最終的なContentView.swiftです。
import SwiftUI
import AVFoundation
import Speech
struct ContentView: View {
@State private var userInput = ""
@State private var response = ""
private let openAIManager = OpenAIManager()
private let speechSynthesizer = SpeechSynthesizer()
private let speechRecognizer = SpeechRecognizer()
var body: some View {
VStack {
TextField("プロンプト", text: $userInput, axis: .vertical)
.padding()
Button(action: {
self.speechRecognizer.startRecognition()
}) {
Text("音声入力開始")
}
.padding()
Button(action: {
self.speechRecognizer.stopRecognition()
}) {
Text("音声入力停止")
}
.padding()
Button(action: {
self.openAIManager.sendMessage(self.userInput) { result in
switch result {
case .success(let message):
self.response = message
self.speechSynthesizer.speak(message)
case .failure(let error):
print(error)
}
}
}) {
Text("送信")
}
.padding()
Text(response)
}
.padding()
.onAppear {
self.speechRecognizer.onResult = { result in
self.userInput = result
}
}
}
}
class OpenAIManager {
private let apiKey = "YOUR_OPENAI_API_KEY"
private let url = URL(string: "https://api.openai.com/v1/chat/completions")!
func sendMessage(_ message: String, completion: @escaping (Result<String, Error>) -> Void) {
var request = URLRequest(url: url)
request.httpMethod = "POST"
request.addValue("Bearer \(apiKey)", forHTTPHeaderField: "Authorization")
request.addValue("application/json", forHTTPHeaderField: "Content-Type")
let data: [String: Any] = [
"model": "gpt-3.5-turbo",
"messages": [
[
"role": "user",
"content": message
]
]
]
let jsonData = try!

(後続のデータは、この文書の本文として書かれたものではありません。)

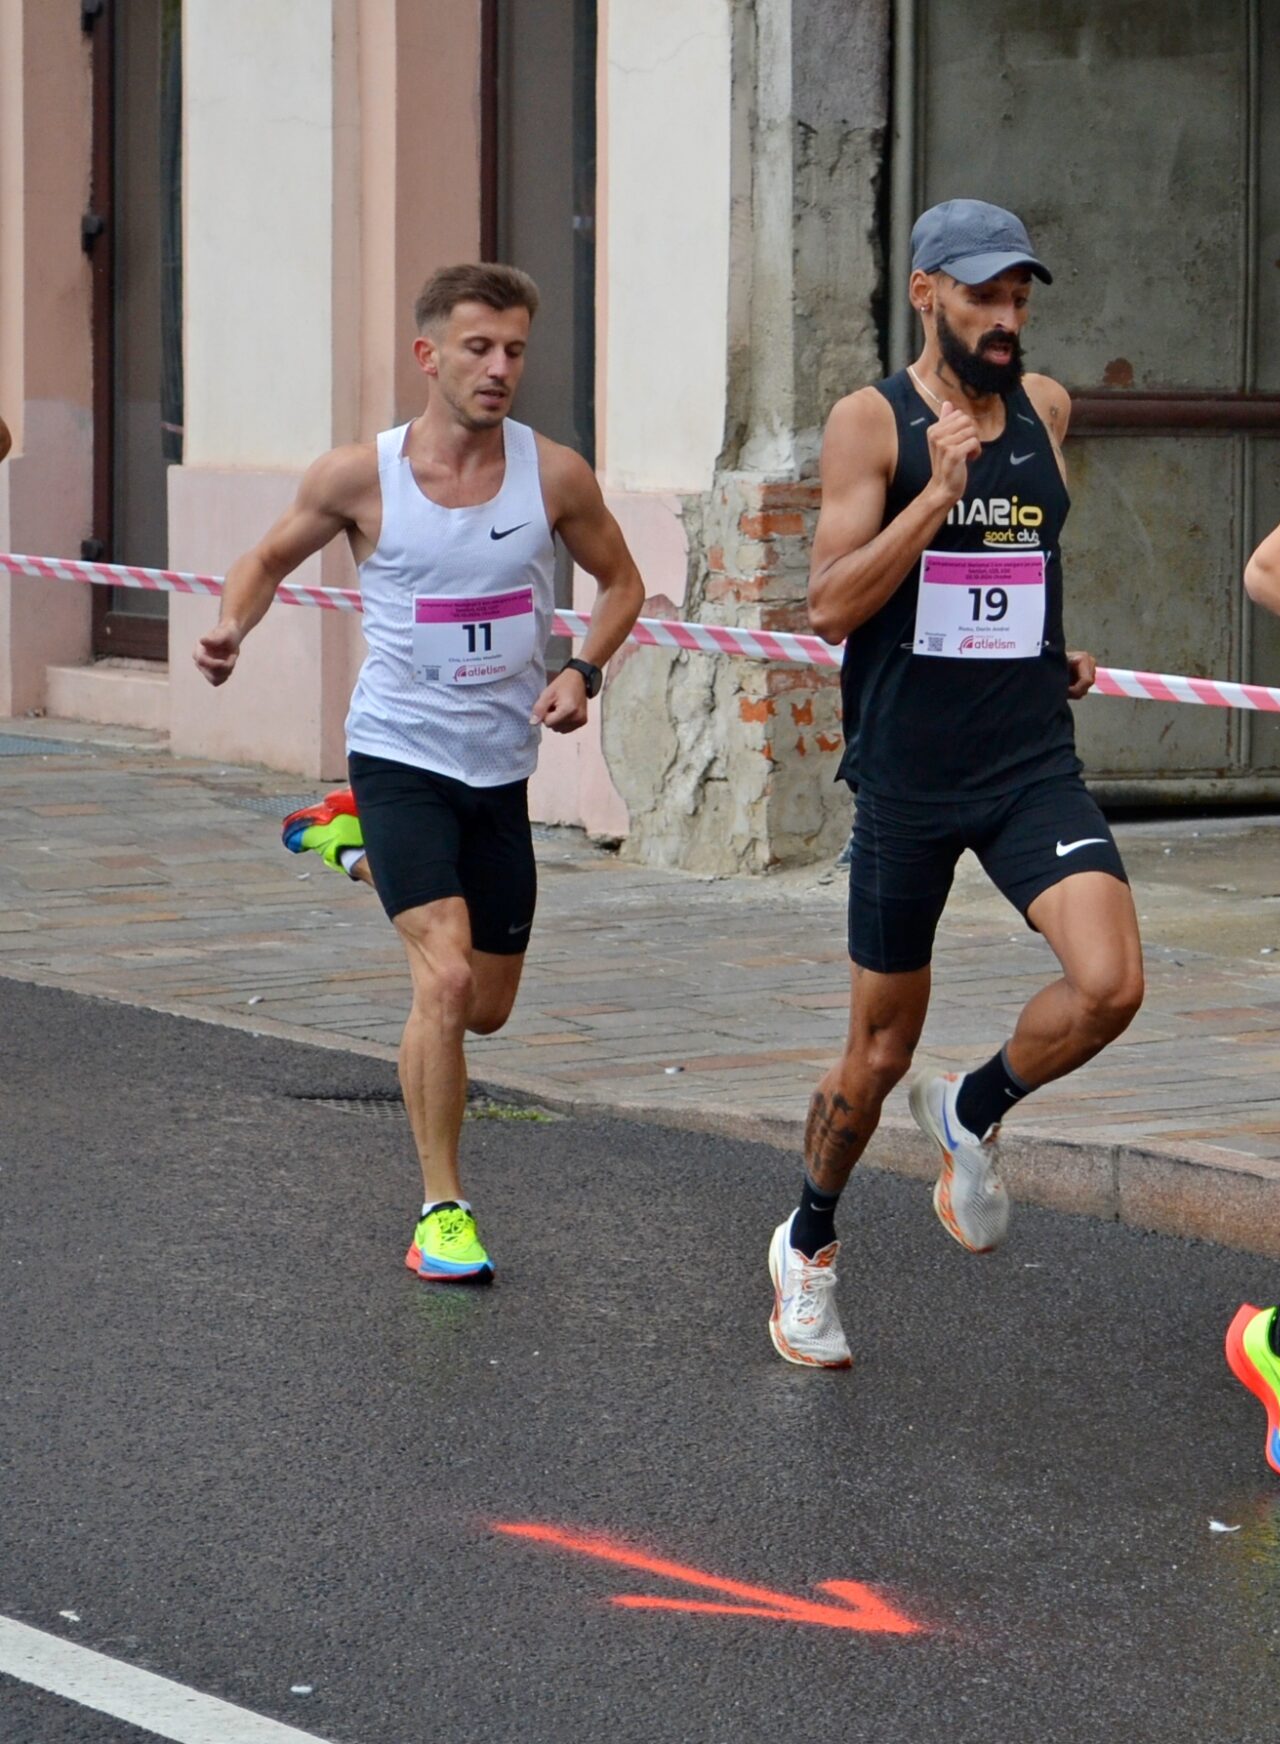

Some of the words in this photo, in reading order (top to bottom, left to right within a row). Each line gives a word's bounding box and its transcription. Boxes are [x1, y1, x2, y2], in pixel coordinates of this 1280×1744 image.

[985, 528, 1014, 542] sport
[1017, 528, 1039, 542] club
[968, 587, 1008, 621] 19
[462, 623, 492, 652] 11
[974, 637, 1016, 649] atletism
[468, 665, 506, 677] atletism

JSONSerialization.data(withJSONObject: data, options: [])
request.httpBody = jsonData
let task = URLSession.shared.dataTask(with: request) { (data, response, error) in
if let error = error {
completion(.failure(error))
return
}
if let data = data {
let json = try! JSONSerialization.jsonObject(with: data, options: []) as! [String: Any]
let choices = json["choices"] as! [[String: Any]]

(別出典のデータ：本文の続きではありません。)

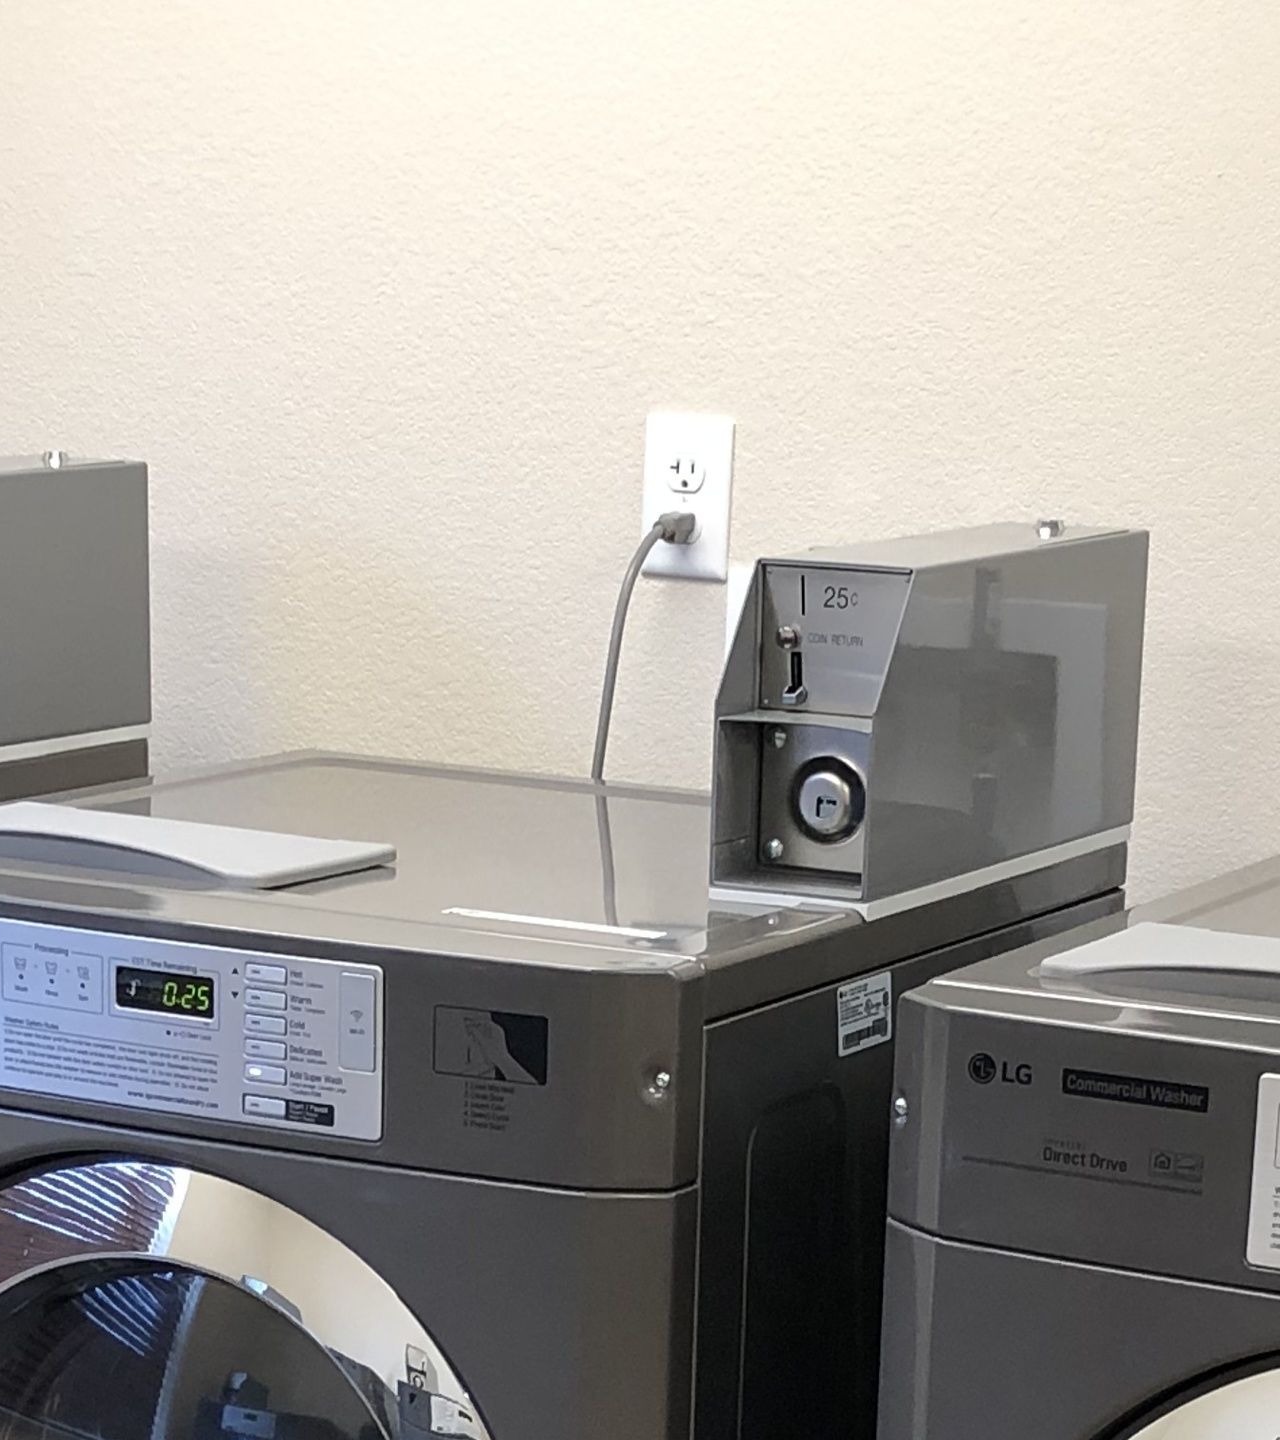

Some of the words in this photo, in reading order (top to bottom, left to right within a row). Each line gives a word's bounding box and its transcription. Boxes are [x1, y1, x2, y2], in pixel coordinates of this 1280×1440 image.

let message = choices[0]["message"] as! [String: Any]
let content = message["content"] as! String
DispatchQueue.main.async {
completion(.success(content))
}
}
}
task.resume()
}
}
class SpeechSynthesizer {
private let synthesizer = AVSpeechSynthesizer()

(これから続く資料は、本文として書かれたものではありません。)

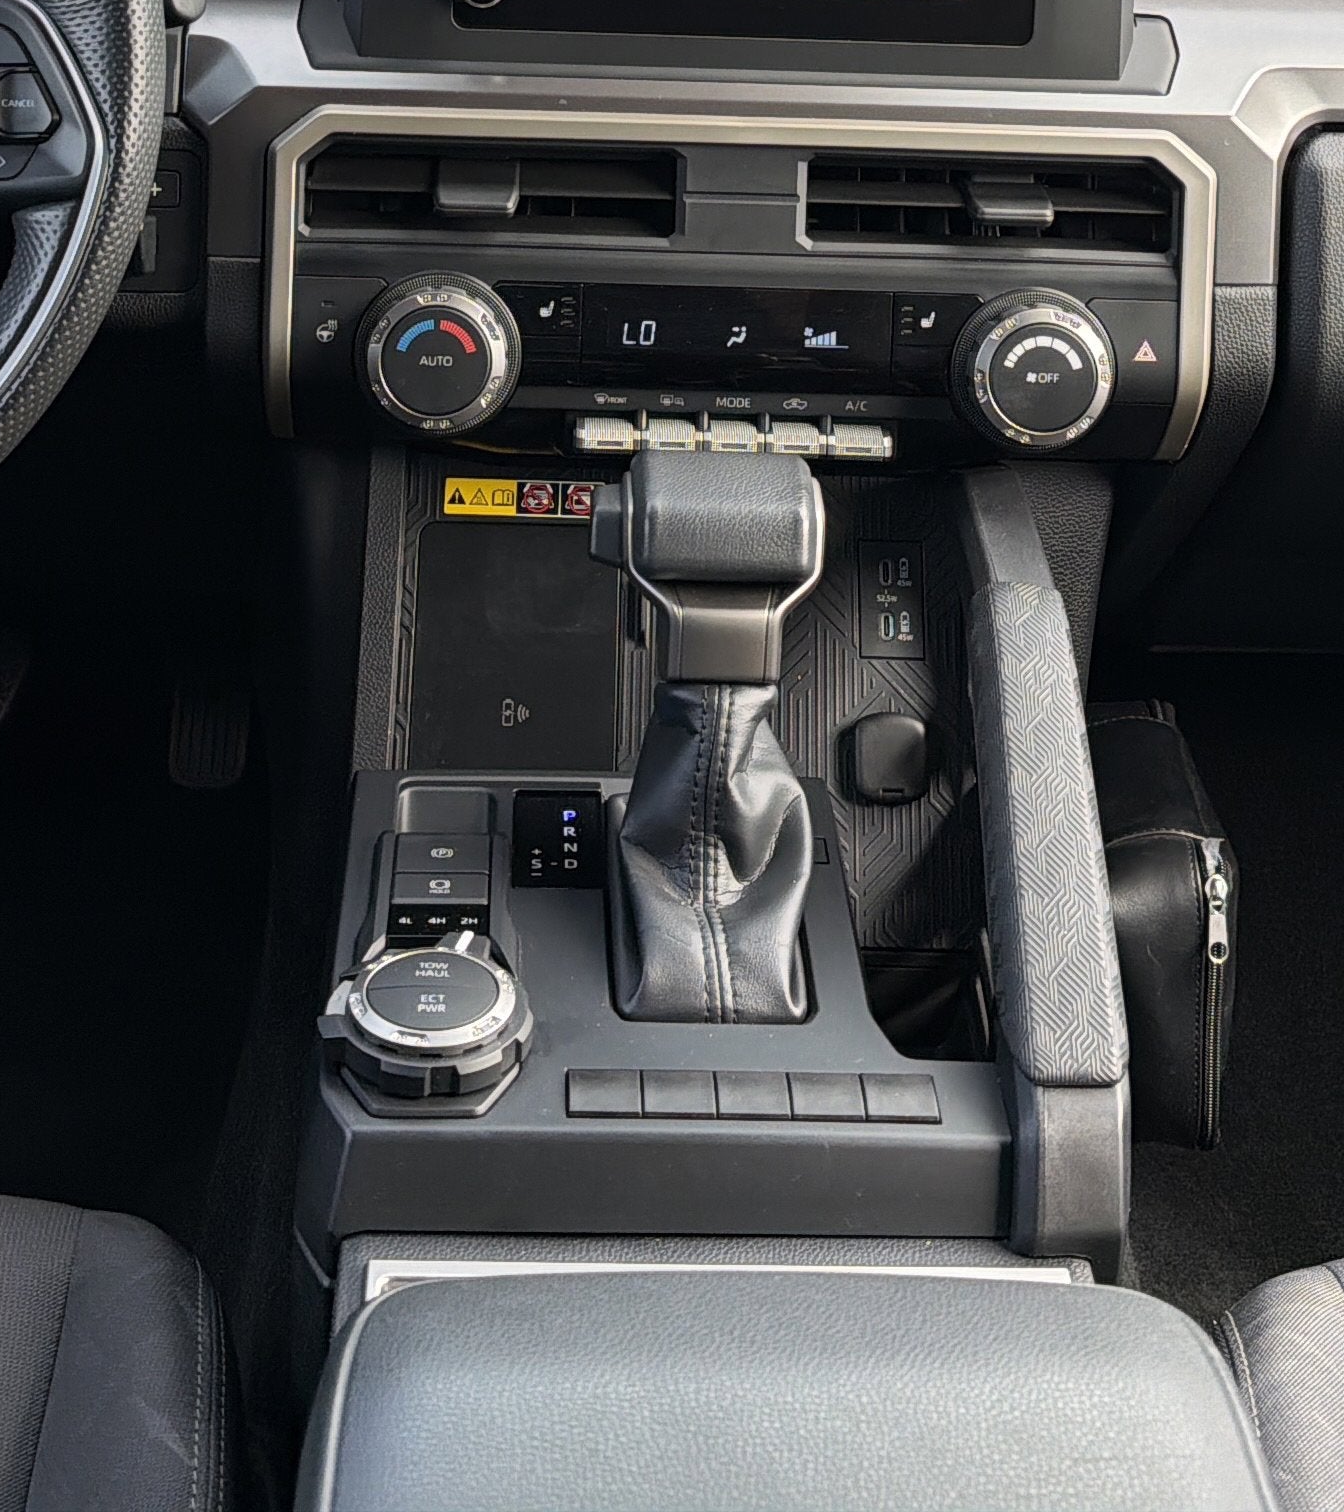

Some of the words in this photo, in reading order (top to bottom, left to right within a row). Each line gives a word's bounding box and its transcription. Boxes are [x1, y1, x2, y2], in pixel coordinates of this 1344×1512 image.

[1, 98, 35, 108] CANCEL
[622, 320, 656, 346] LO
[419, 355, 453, 367] AUTO
[1038, 372, 1060, 384] OFF
[607, 396, 628, 404] FRONT
[715, 396, 751, 408] MODE
[845, 399, 868, 412] A/C
[563, 810, 577, 821] P
[564, 827, 576, 837] R
[564, 843, 578, 853] N
[531, 859, 542, 869] S
[564, 859, 578, 869] D
[398, 916, 413, 925] 4L
[427, 917, 446, 926] 4H
[460, 917, 478, 925] 2H
[419, 961, 449, 969] TOW
[415, 969, 451, 978] HAUL
[420, 994, 446, 1003] ECT
[417, 1004, 446, 1013] PWR

func speak(_ text: String) {
let utterance = AVSpeechUtterance(string: text)
utterance.voice = AVSpeechSynthesisVoice(language: "ja-JP")
synthesizer.speak(utterance)
}
}
class SpeechRecognizer: NSObject, SFSpeechRecognizerDelegate {
private let speechRecognizer = SFSpeechRecognizer(locale: Locale(identifier: "ja-JP"))!
private var recognitionRequest: SFSpeechAudioBufferRecognitionRequest?
private var recognitionTask: SFSpeechRecognitionTask?
private let audioEngine = AVAudioEngine()
var onResult: ((String) -> Void)?
override init() {
super.init()
speechRecognizer.delegate = self
}
func startRecognition() {
if audioEngine.isRunning {
audioEngine.stop()
recognitionRequest?.endAudio()
} else {
do {
try startRecording()
} catch {
print("Failed to start recording")
}
}
}
func stopRecognition() {
if audioEngine.isRunning {
audioEngine.stop()
recognitionRequest?.endAudio()
}
}
private func startRecording() throws {
recognitionTask?.cancel()
recognitionTask = nil
recognitionRequest = SFSpeechAudioBufferRecognitionRequest()
let inputNode = audioEngine.inputNode
guard let recognitionRequest = recognitionRequest else {
fatalError("Unable to create a SFSpeechAudioBufferRecognitionRequest object")
}
recognitionRequest.shouldReportPartialResults = true
recognitionTask = speechRecognizer.recognitionTask(with: recognitionRequest) { result, error in
if let result = result {
DispatchQueue.main.async {
self.onResult?(result.bestTranscription.formattedString)
}
}
}
let recordingFormat = inputNode.outputFormat(forBus: 0)
inputNode.installTap(onBus: 0, bufferSize: 1024, format: recordingFormat) { (buffer: AVAudioPCMBuffer, when: AVAudioTime) in
self.recognitionRequest?.append(buffer)
}
audioEngine.prepare()
try audioEngine.start()
}
}
実行方法は「Ionic版 ChatGPTと話そう!(その1)」と同じです。